* Task details *
The expected response is the full listing, retyped exactly, without its images.

* Provided material *
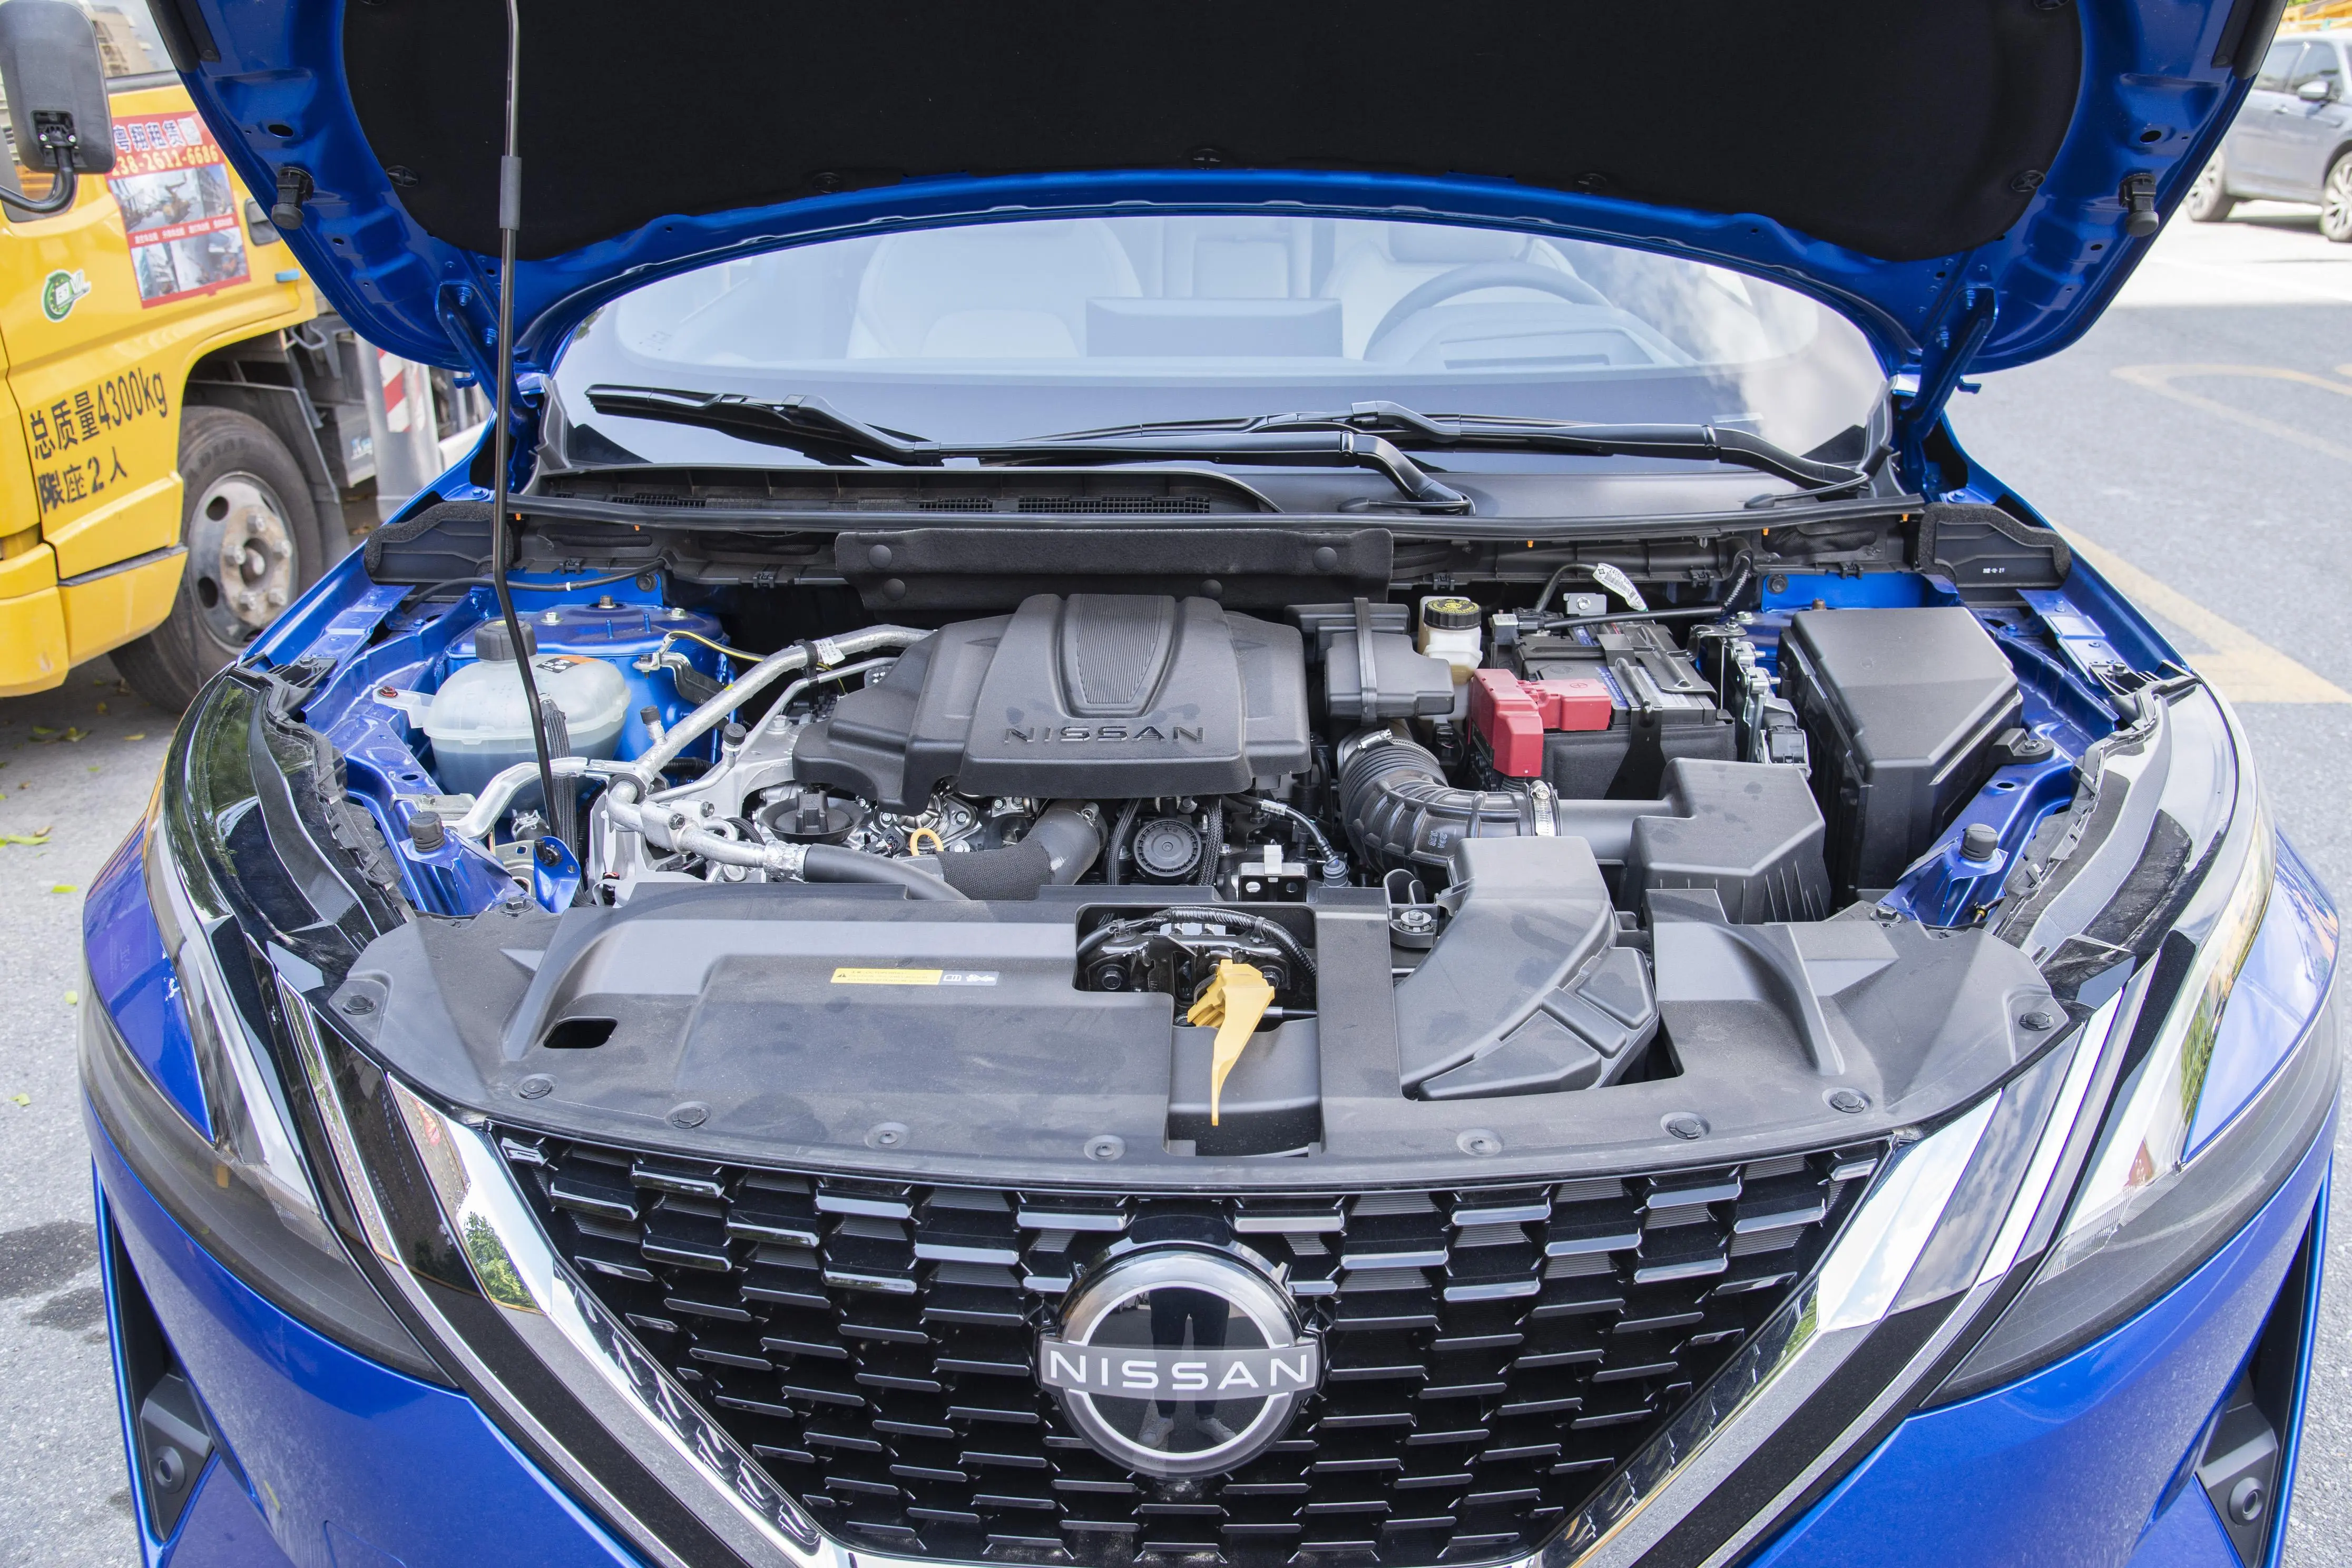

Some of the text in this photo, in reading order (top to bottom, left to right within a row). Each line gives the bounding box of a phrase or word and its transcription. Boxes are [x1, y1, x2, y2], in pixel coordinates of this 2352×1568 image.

[30, 367, 168, 460] 总质量4300kg
[37, 446, 128, 515] 限座2人
[1003, 725, 1205, 744] NISSAN
[1050, 1350, 1307, 1390] NISSAN

* Solution *
Some of the text in this photo, in reading order (top to bottom, left to right within a row). Each line gives the bounding box of a phrase or word and its transcription. Boxes are [x1, y1, x2, y2], in pixel coordinates of this 2352×1568 image.

[30, 367, 168, 460] 总质量4300kg
[37, 446, 128, 515] 限座2人
[1003, 725, 1205, 744] NISSAN
[1050, 1350, 1307, 1390] NISSAN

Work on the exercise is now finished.